• [Extracted records]
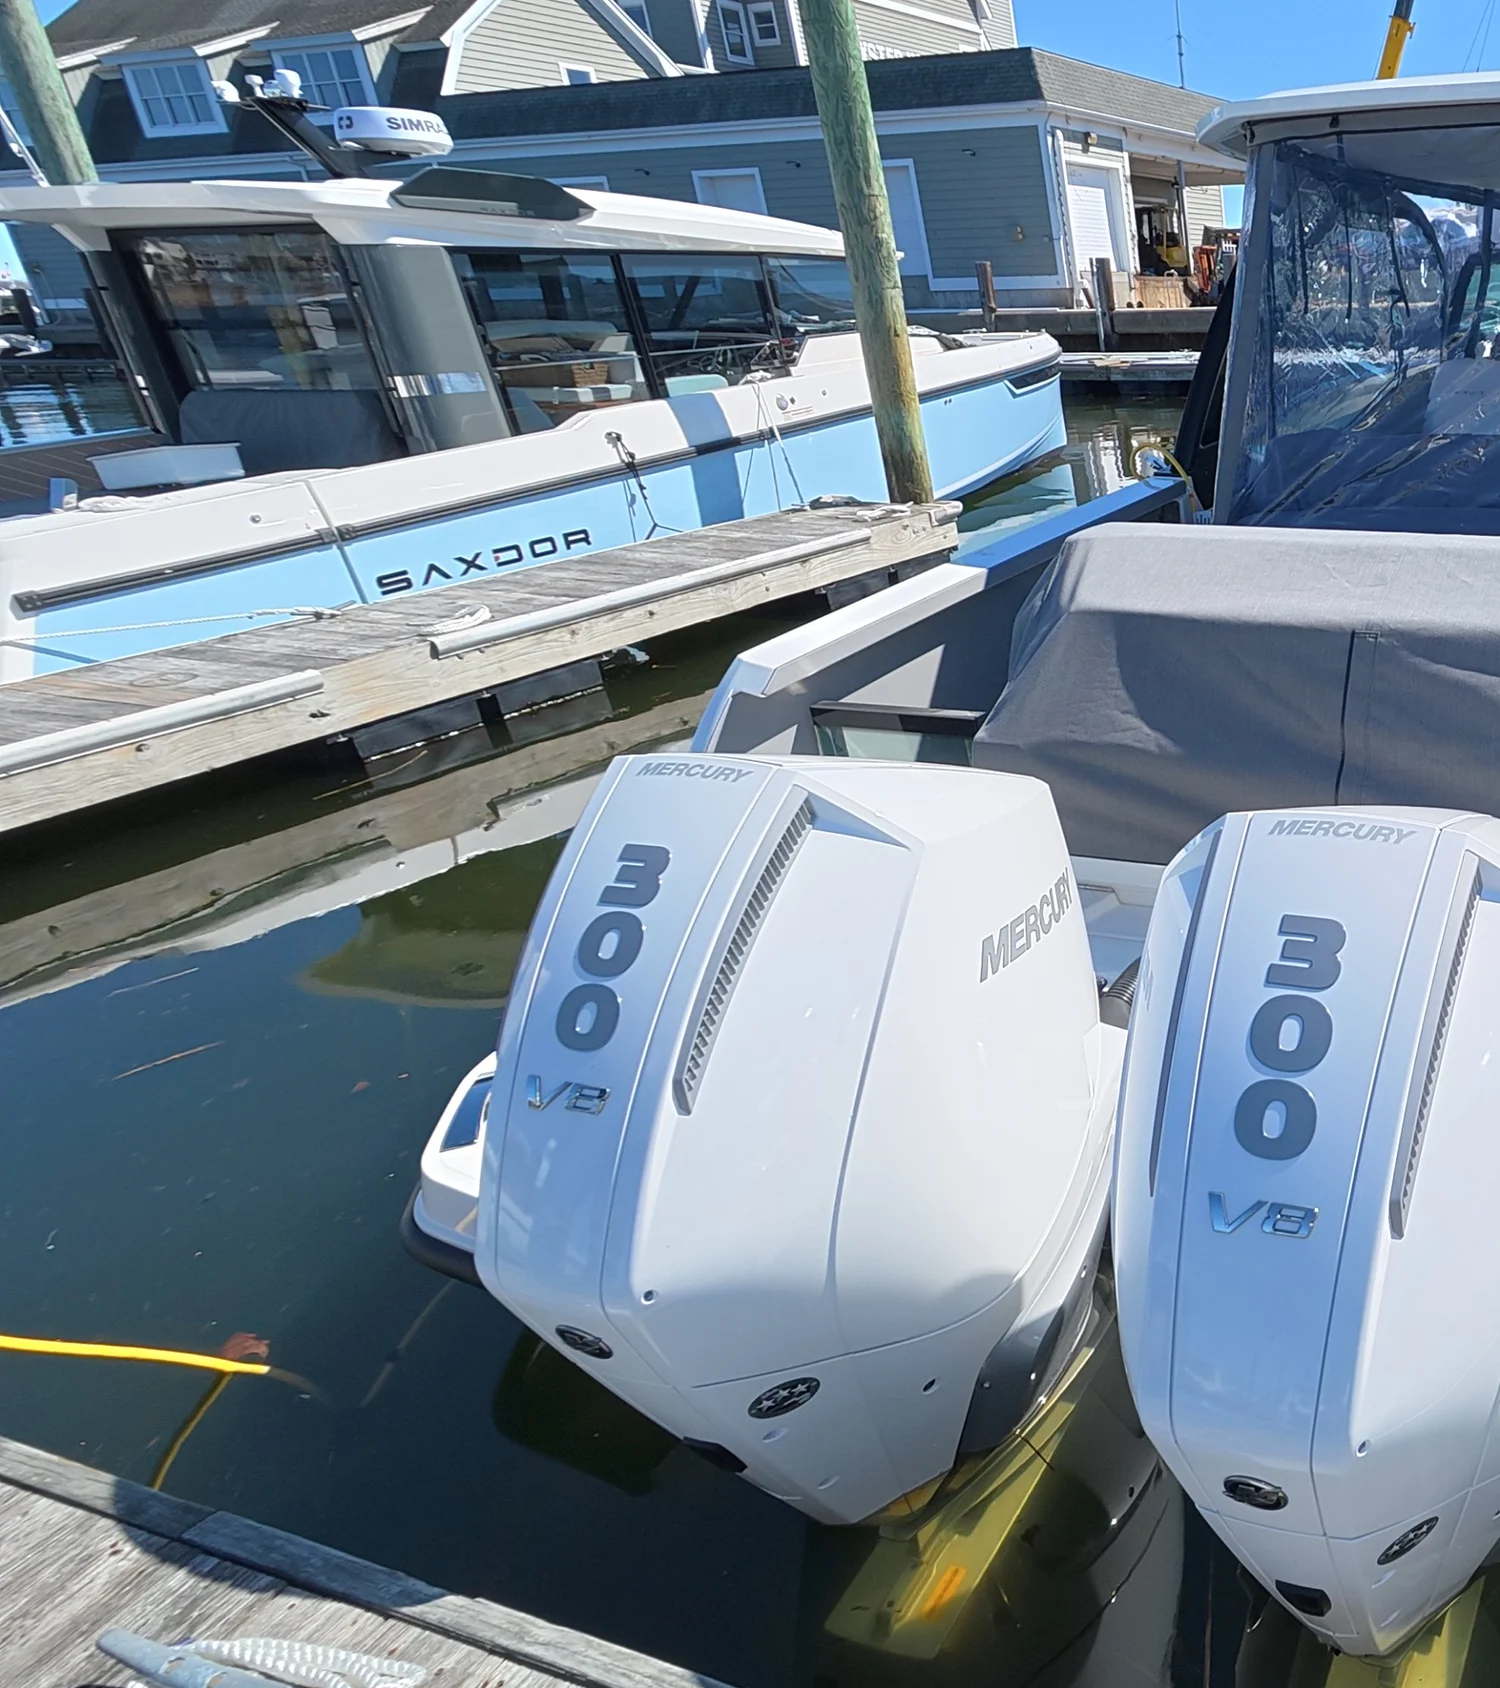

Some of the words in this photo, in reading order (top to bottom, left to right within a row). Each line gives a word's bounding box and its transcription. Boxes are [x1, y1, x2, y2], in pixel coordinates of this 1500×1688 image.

[385, 116, 449, 135] SIMRA
[376, 529, 592, 595] SAXDOR
[635, 762, 755, 783] MERCURY
[1267, 819, 1418, 845] MERCURY
[556, 843, 672, 1052] 300
[979, 866, 1072, 983] MERCURY
[1233, 913, 1347, 1161] 300
[526, 1074, 611, 1116] V8
[1208, 1191, 1319, 1239] V8

• [Activity] Repeat the material above in full and exactly, apart from the pictures.

• [Exercise solution]
Some of the words in this photo, in reading order (top to bottom, left to right within a row). Each line gives a word's bounding box and its transcription. Boxes are [x1, y1, x2, y2], in pixel coordinates of this 1500×1688 image.

[385, 116, 449, 135] SIMRA
[376, 529, 592, 595] SAXDOR
[635, 762, 755, 783] MERCURY
[1267, 819, 1418, 845] MERCURY
[556, 843, 672, 1052] 300
[979, 866, 1072, 983] MERCURY
[1233, 913, 1347, 1161] 300
[526, 1074, 611, 1116] V8
[1208, 1191, 1319, 1239] V8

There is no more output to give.